The North Pacific Fishery Management Council will meet in Anchorage from Oct. 5-11 to overview crab season projections, hear further discussions of halibut management, and decide what to do about a recent federal appeals court decision that will require more attention to salmon management.
The council will approve catch limits for the 2016-17 crab fisheries and review the stock assessment for the last year.
Stocks for both snow crab and Bairdi Tanner crab were down according to surveys in 2016, and stakeholders are holding their breath to see if the Alaska Department of Fish and Game will need to close fisheries if abundance doesn’t meet the department thresholds.
The crab fishing management plan, or FMP, requires federal scientists to set an overfishing limit, or OFL, and an acceptable biological catch, or ABC.
Based on these numbers, the Alaska Department of Fish and Game will determine a total allowable catch, or TAC, under its joint management with the council.
Commercial snow crab landings were 40.61 million pounds last season, a 40 percent decline from 67.9 million pounds the previous year.
The snow crab TAC in 2016 of 40.6 million pounds was based on an ABC of 137.4 million pounds. This corresponds to a sharp drop in the total amount of legally harvestable male crab. From a projection of 302 million pounds last year, the amount of legal-sized males has declined to 202 million pounds.
The TAC for the 2016-17 season will be much lower, as the acceptable biological catch is 47 million pounds.
Similarly, Tanner crab stocks appear to be in decline.
In 2015, the biomass prediction for tanner crab was 163 million pounds with a TAC of 19.67 million pounds. This year, surveys chart a drop down to a biomass of 100 million pounds.
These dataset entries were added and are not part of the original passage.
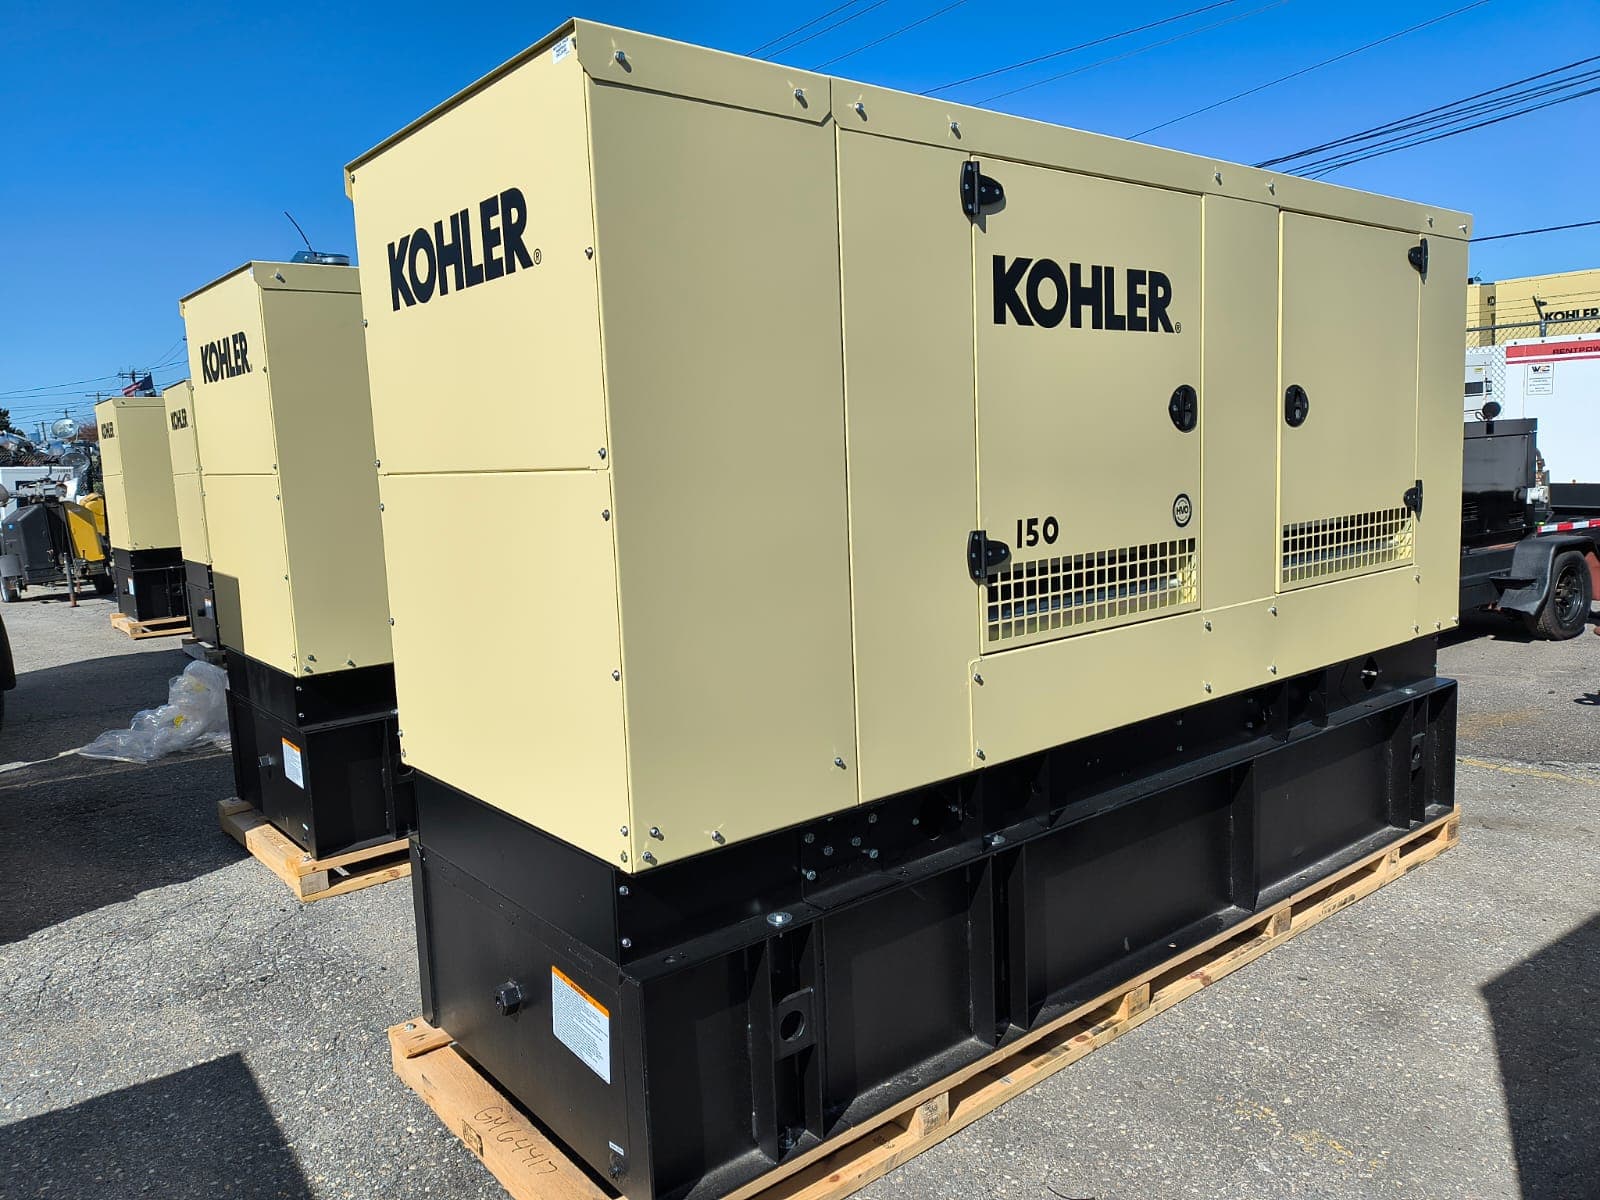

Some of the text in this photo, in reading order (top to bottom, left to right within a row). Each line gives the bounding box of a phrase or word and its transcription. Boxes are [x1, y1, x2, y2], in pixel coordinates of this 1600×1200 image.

[387, 187, 534, 312] KOHLER
[992, 254, 1175, 334] KOHLER
[200, 331, 250, 384] KOHLER
[170, 408, 188, 430] KOHLER
[1016, 515, 1059, 549] 150
[1176, 505, 1189, 516] HVO
Biomass for Bristol Bay red king crab has also dropped, though not as precipitously as that of snow crab and Tanner crab. Legal-size males declined from 61 million pounds in 2015 to 53 million pounds for the 2016 season.
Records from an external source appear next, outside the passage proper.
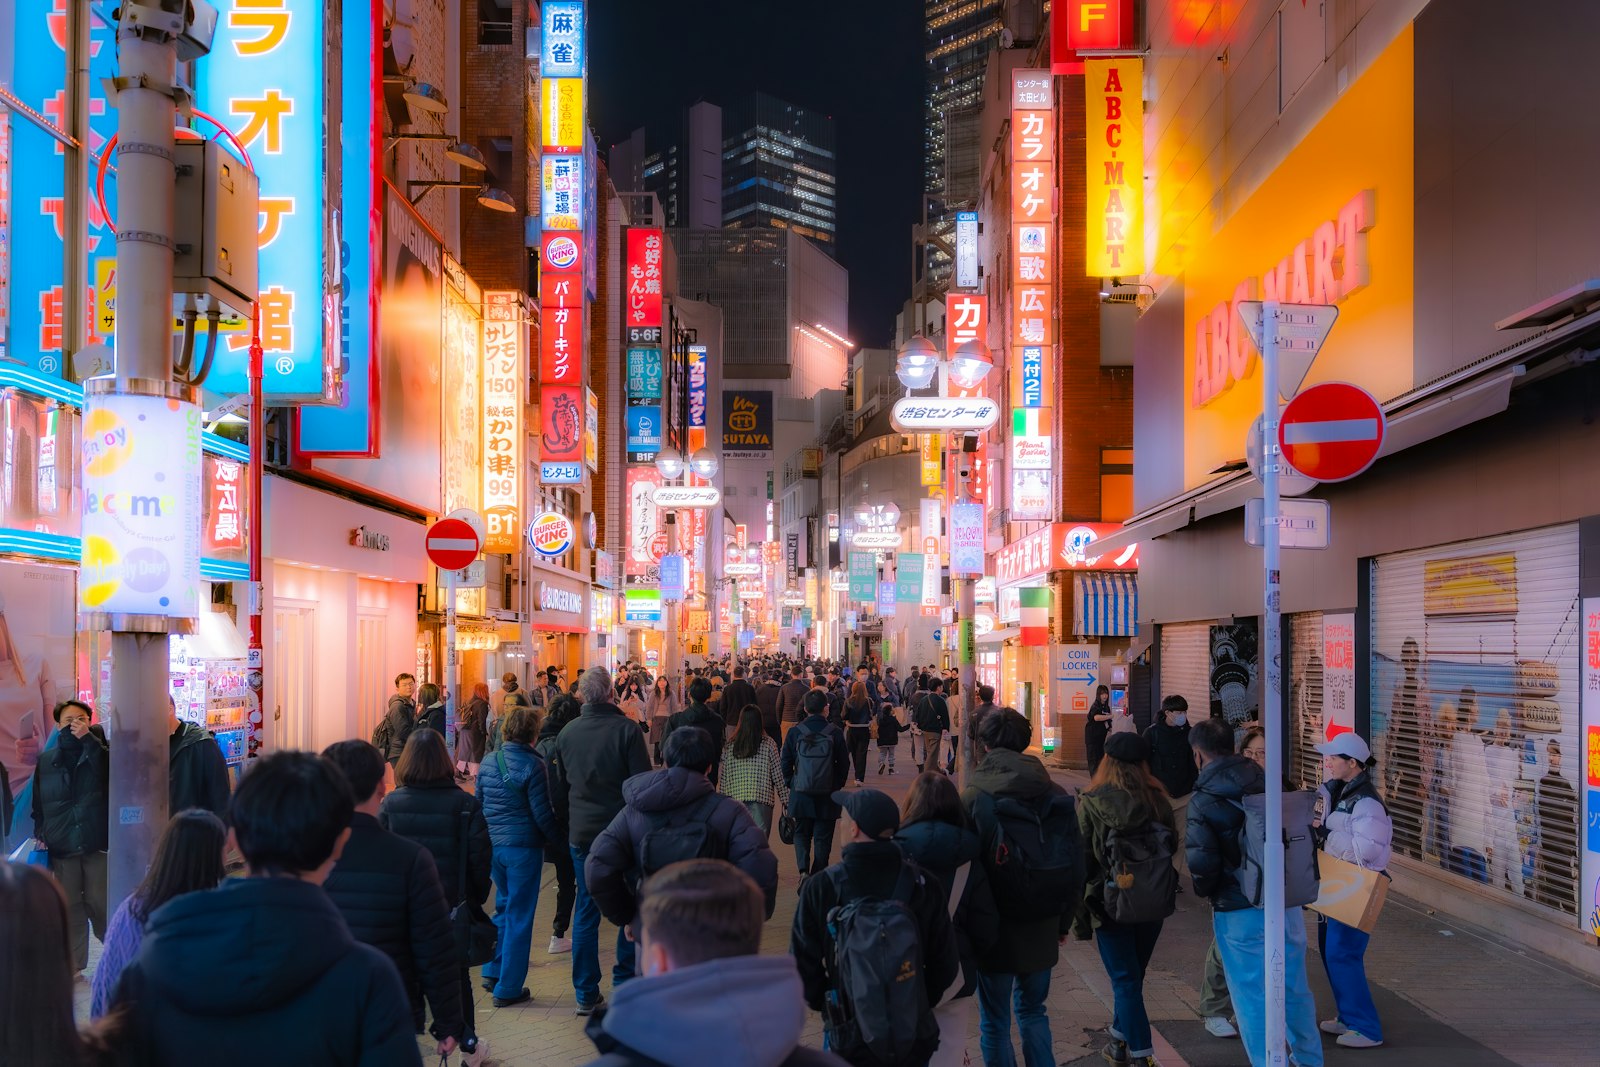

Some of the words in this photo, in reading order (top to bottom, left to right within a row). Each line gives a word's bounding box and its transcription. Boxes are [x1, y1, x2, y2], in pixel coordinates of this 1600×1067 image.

[1080, 4, 1107, 32] F
[552, 13, 573, 63] 麻雀
[1016, 80, 1049, 89] センター街
[1019, 92, 1047, 103] 太田ビル
[1021, 113, 1045, 217] カラオケ
[959, 213, 976, 221] CBR
[391, 201, 440, 278] ORIGINALS
[550, 243, 573, 254] BURGER
[551, 248, 574, 261] KING
[645, 235, 661, 294] お好み焼
[630, 264, 645, 322] もんじゃ
[1019, 256, 1046, 342] 歌広場
[554, 281, 570, 379] バーガーキング
[485, 327, 500, 375] サワー
[501, 323, 516, 374] レモン
[630, 351, 645, 391] 無呼吸
[646, 350, 660, 391] いびき
[1024, 348, 1041, 405] 受付2F
[486, 378, 515, 393] 150
[487, 405, 515, 418] 秘伝
[899, 406, 993, 419] 渋谷センター街
[488, 419, 513, 476] かわ串
[636, 453, 654, 461] B1F
[542, 467, 581, 478] センタービル
[488, 480, 513, 496] 99
[656, 492, 718, 501] 渋谷センター街
[487, 514, 513, 534] B1
[534, 520, 567, 535] BURGER
[535, 528, 568, 547] KING
[997, 528, 1050, 579] カラオケ歌広場
[547, 587, 569, 611] BURGER
[569, 591, 582, 613] KING
[925, 607, 936, 615] B1
[1325, 624, 1353, 638] カラオケルーム
[1068, 651, 1090, 659] COIN
[1325, 640, 1354, 670] 歌広場
[1062, 662, 1098, 670] LOCKER
[1325, 673, 1354, 688] 渋谷センター街
[1332, 689, 1346, 710] 別館
Responding to years of halibut allocation fights among direct harvesters and trawlers who take the fish as bycatch, the council will present a discussion paper on linking prohibited species catch limits to halibut abundance.
Currently the International Pacific Halibut Commission manages the directed halibut fishery, shifting catch limits with abundance. The North Pacific council manages halibut bycatch, which has been reduced but still uses a static number that does not fluctuate with abundance.
Notably, this led to a situation in 2015 during which halibut fishermen in the Central Bering Sea received a smaller amount of the total halibut quota than the groundfish trawl fleets, which take large amounts of halibut incidentally in pursuit of other groundfish.
Shifting halibut bycatch limits with abundance would distribute the pain of stock decline evenly between directed halibut users and bycatch users. Halibut fishermen say the stocks depend on more cooperation between the two bodies.
Such cooperation, though, would require a heavy workload for the council.
“Changing PSC limits or metrics (i.e., halibut mortality in weight or numbers of halibut) would require changes in the existing regulations for and administration of the groundfish fisheries by changing the catch accounting system, in-season management, and other issues that would need to be explored in future discussion papers and analyses,” states the paper.
The discussion paper outlines different models the council might use to determine abundance. Key to the discussion is the difference in survey methodology and science used by the North Pacific council and the IPHC.
The paper has recommendations on how to bridge these differences as well as how to change rules to allow the council and commission to operate in tandem.
Salmon court decision impact
The council will also hold a discussion on a recent federal court decision that could potentially heavily impact its workload over the next few meetings leading up to the 2017 salmon season.
Industry group United Cook Inlet Drift Association filed a lawsuit in 2013 to repeal the council’s 2011 decision, which was officially Amendment 12 to the Alaska salmon FMP. The council removed three historical net salmon fisheries from the FMP, delegating salmon management entirely to the state of Alaska and removing that management from the rigors of the Magnuson-Stevens Act, the central piece of federal fisheries law.
The initial suit was rejected by U.S. Alaska District Court Judge Timothy Burgess in September 2014. The 9th Circuit remanded the case back to Burgess with instructions to find for the plaintiffs.
Federal fisheries policymakers and state managers will now have to work together on a suitable FMP, which the National Oceanic and Atmospheric Administration had hoped to rid itself of in 2011 by passing Amendment 12 in the first place.
Installing an FMP before the next salmon season will be critical. Representatives from UCIDA are asking the council to create a committee to help in the process.
“The purpose of committee would be to consider the scope of alternatives, and as appropriate, to initiate and expedite the development of a salmon FMP for Cook Inlet,” wrote Dave Martin, UCIDA’s president. “We recommend that the salmon committee includes two individuals representing the Cook Inlet salmon drift and setnet fisheries, a member representing the seafood processing and marketing sector and additional salmon committee members as the Council deems appropriate.”